The events of the October 7 massacre led to the evacuation of Israeli communities on the borders of Gaza and Lebanon, creating an unprecedented challenge to border towns. These towns have two main aspects – community and land. The connection between a certain ecology and a group of people that chose it, together create the town, the kibbutz or the moshav. When the ground is dropped – literally – from under the community’s feet, the town might be rattled to its core, especially when there is no clear future horizon of return.
The connection between man and the earth is examined here at a transformative intersection.
This is a critical time for these towns, when the communities have been uprooted from their land. Will the residents remain resilient as a community while they are cut off from their common streets and parks, and will families return to their homes? Will education return to function as it did before October 7? Will the internal mechanisms of the community survive the upheaval and continue to exist?

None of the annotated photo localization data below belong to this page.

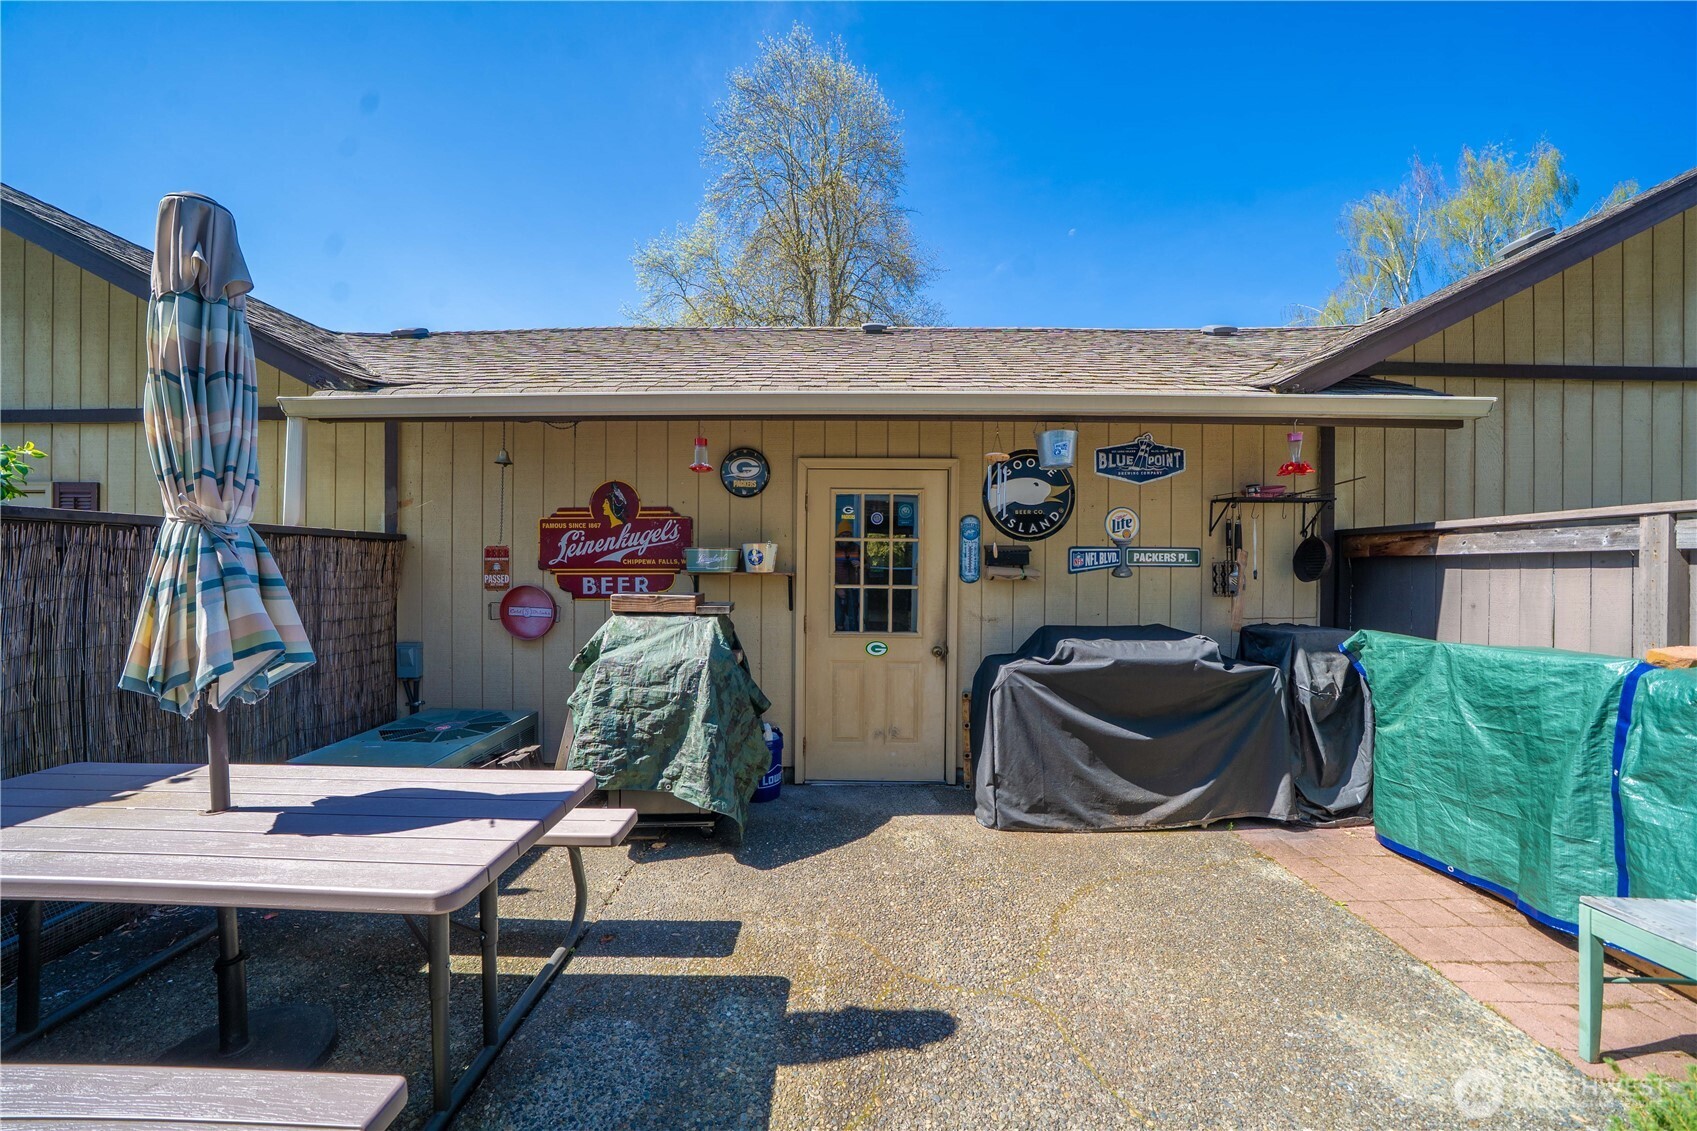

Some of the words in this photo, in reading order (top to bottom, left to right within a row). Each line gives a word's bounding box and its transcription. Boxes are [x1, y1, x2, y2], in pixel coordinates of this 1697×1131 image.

[1003, 458, 1057, 477] GOOE
[1098, 452, 1134, 469] BLUE
[1148, 452, 1180, 468] POINT
[1001, 511, 1059, 533] ISLAND
[1112, 518, 1132, 533] Lite
[549, 520, 680, 565] Leinenkugel's
[1085, 552, 1098, 566] NFL
[1099, 552, 1119, 564] BLVD.
[1133, 553, 1176, 562] PACKERS
[1178, 553, 1192, 562] PL.
[484, 574, 510, 584] PASSED
[582, 577, 649, 594] BEER

These questions all have one result, one that is yet to be determined: will the residents choose to return to their homes and rebuild their lives?
The realities of evacuees from north to south
In the Gaza Envelope, or western Negev, where the kibbutzim and moshavim are no more than four kilometers from the Gaza Strip, the challenge is obvious: they require significant physical rehabilitation. Another challenge facing the communities is the ongoing trauma of the hostages who have not yet returned, and of course – the terrible massacre that took place that took many lives with unimaginable cruelty.

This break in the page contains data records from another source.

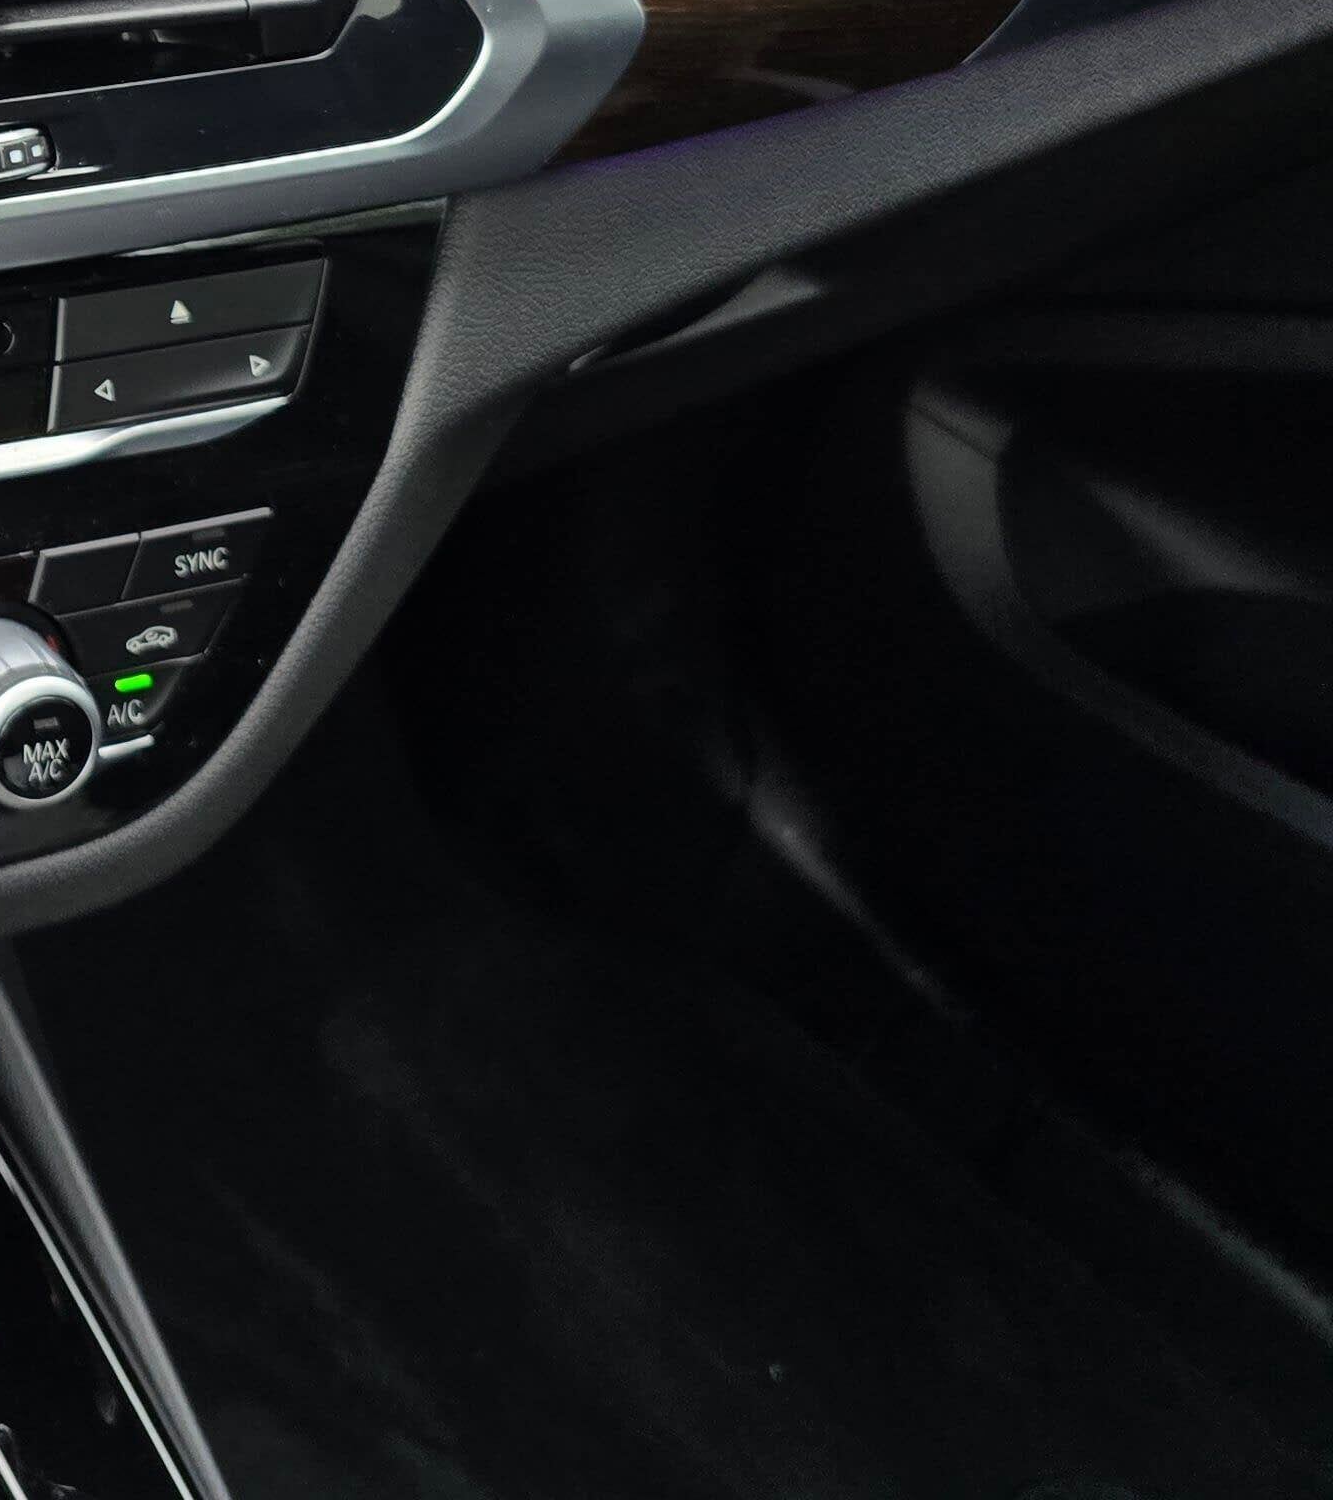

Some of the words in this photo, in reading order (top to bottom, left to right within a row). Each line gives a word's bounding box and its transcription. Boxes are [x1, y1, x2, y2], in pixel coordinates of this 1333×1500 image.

[174, 546, 229, 578] SYNC
[106, 698, 144, 727] A/C
[23, 737, 70, 765] MAX
[28, 759, 63, 784] A/C
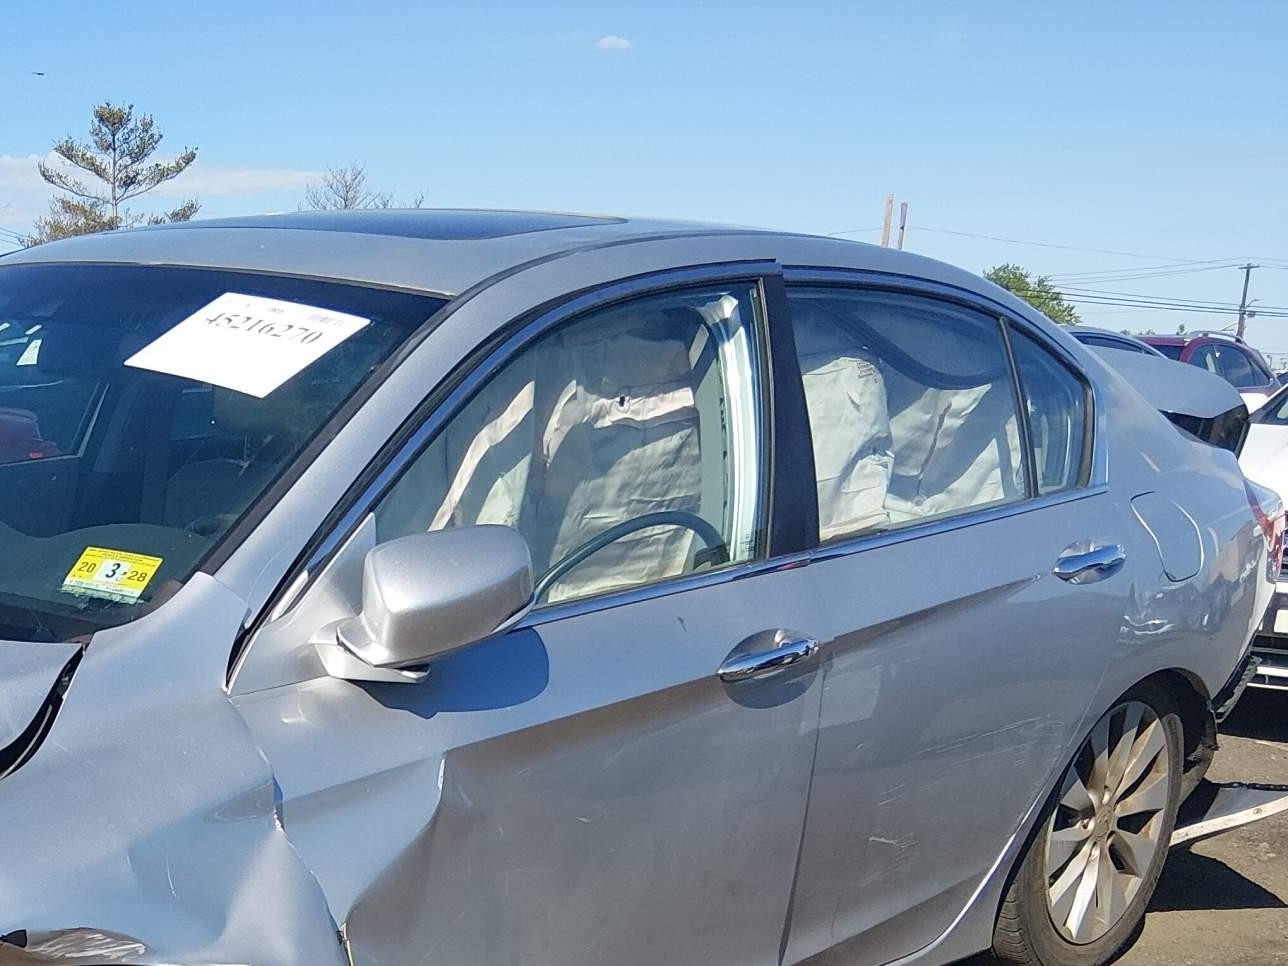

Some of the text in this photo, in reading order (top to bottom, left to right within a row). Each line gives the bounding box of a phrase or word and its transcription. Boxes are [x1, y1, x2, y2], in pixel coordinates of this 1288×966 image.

On the other hand, the surrounding towns that are further away from the border, within a range of four to seven kilometers, are slowly returning to their homes and with great effort, when recently the Home Front Command even announced the possibility of returning to some kind of school routine.
On the northern border, due to the ongoing fighting in Lebanon, the situation is even more complex. Residents have been evacuated to hotels for over four months. No one was kidnapped, and there was no massacre, but what will become of the communities? The efforts to preserve the education systems on the part of the regional councils are endless, in an attempt to give the children and their parents a little stability in conditions of continuous uncertainty.
The need for community resilience
To ensure the return of the communities to their homes, they need to remain as communities. The tools required here are not only tractors, tanks, and machine guns; soft communal tools are also needed.
The latest international research on community resilience emphasizes the importance of the existence of networks of relationships between community members; between a single community to corresponding communities; and between it and external institutions.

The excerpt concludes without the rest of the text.